(Referring expression grounding data)

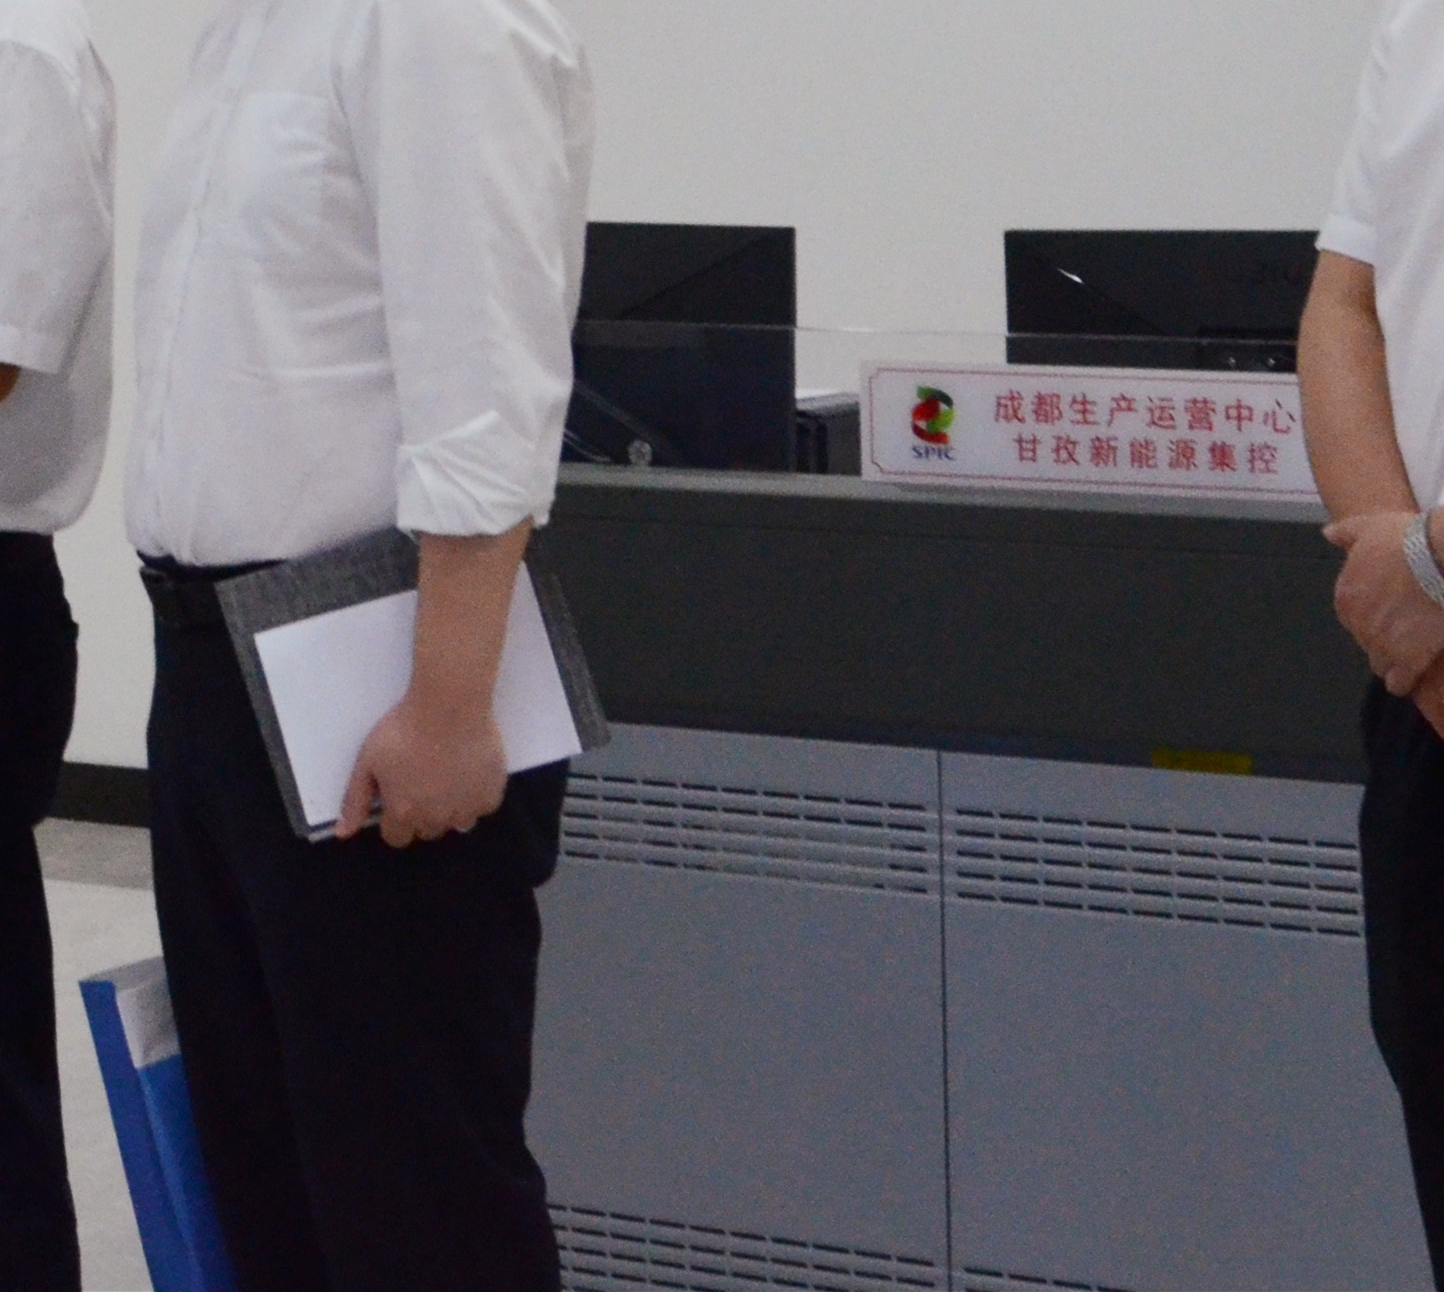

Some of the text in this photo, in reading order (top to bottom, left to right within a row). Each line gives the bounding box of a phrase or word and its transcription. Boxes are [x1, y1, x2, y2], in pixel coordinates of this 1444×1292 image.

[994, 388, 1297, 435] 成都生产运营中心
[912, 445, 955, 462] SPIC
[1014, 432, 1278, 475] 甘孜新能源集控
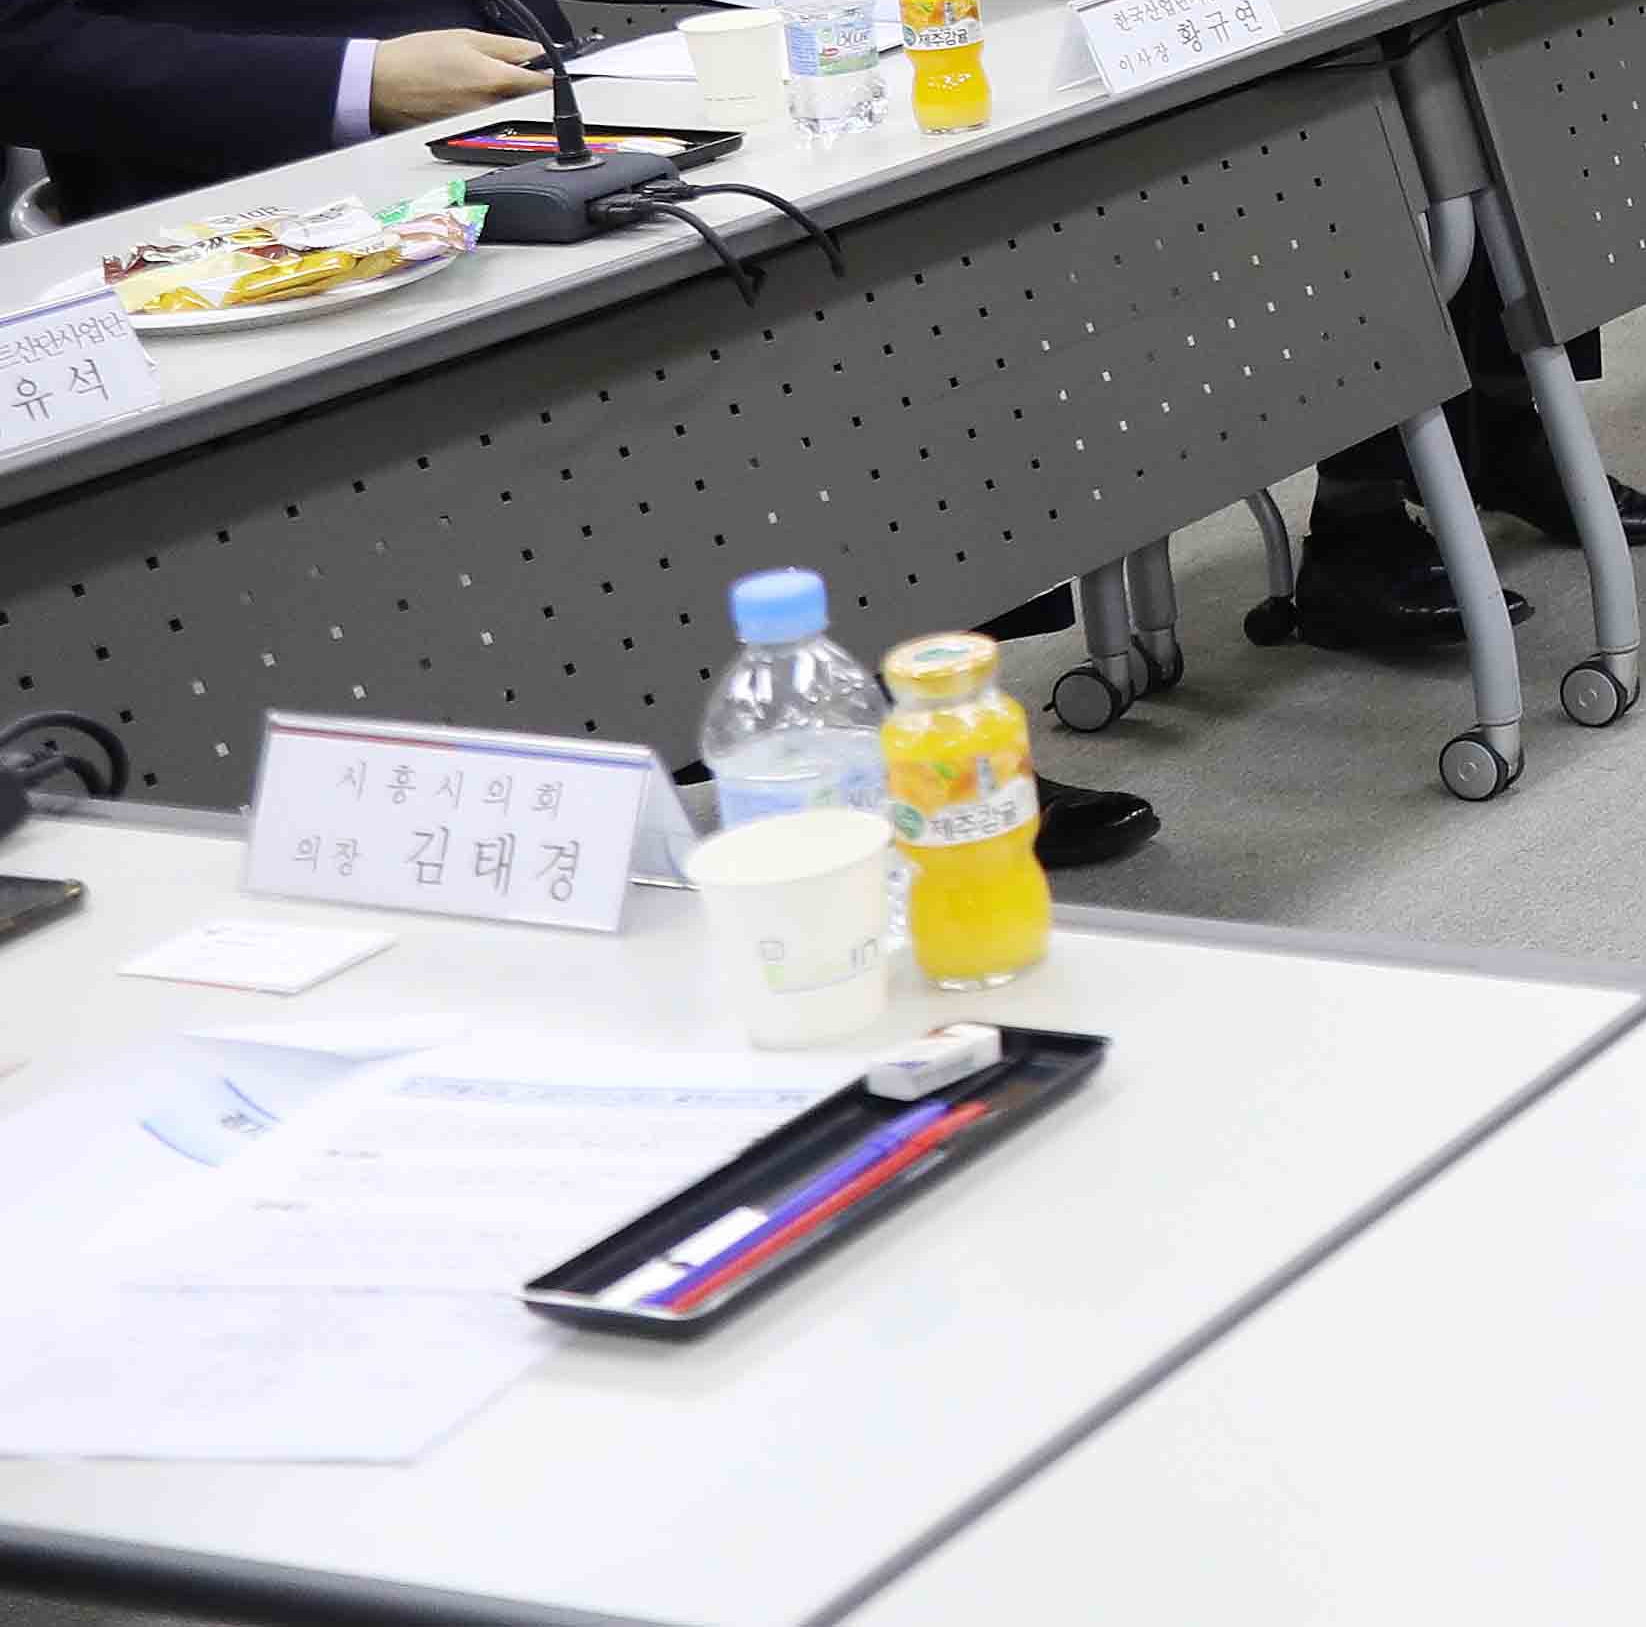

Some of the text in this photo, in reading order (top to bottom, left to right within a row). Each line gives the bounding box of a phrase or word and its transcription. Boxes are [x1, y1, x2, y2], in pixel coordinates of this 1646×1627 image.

DESCRIPTION OF THE TASK –
Copy out all the entries precisely. No images.

TASK SOLUTION –
Some of the text in this photo, in reading order (top to bottom, left to right within a row). Each line gives the bounding box of a phrase or word and its transcription. Boxes are [x1, y1, x2, y2], in pixel coordinates of this 1444×1292 image.

[994, 388, 1297, 435] 成都生产运营中心
[912, 445, 955, 462] SPIC
[1014, 432, 1278, 475] 甘孜新能源集控

Some of the text in this photo, in reading order (top to bottom, left to right within a row). Each line gives the bounding box of a phrase or word and its transcription. Boxes are [x1, y1, x2, y2], in pixel coordinates of this 1646×1627 image.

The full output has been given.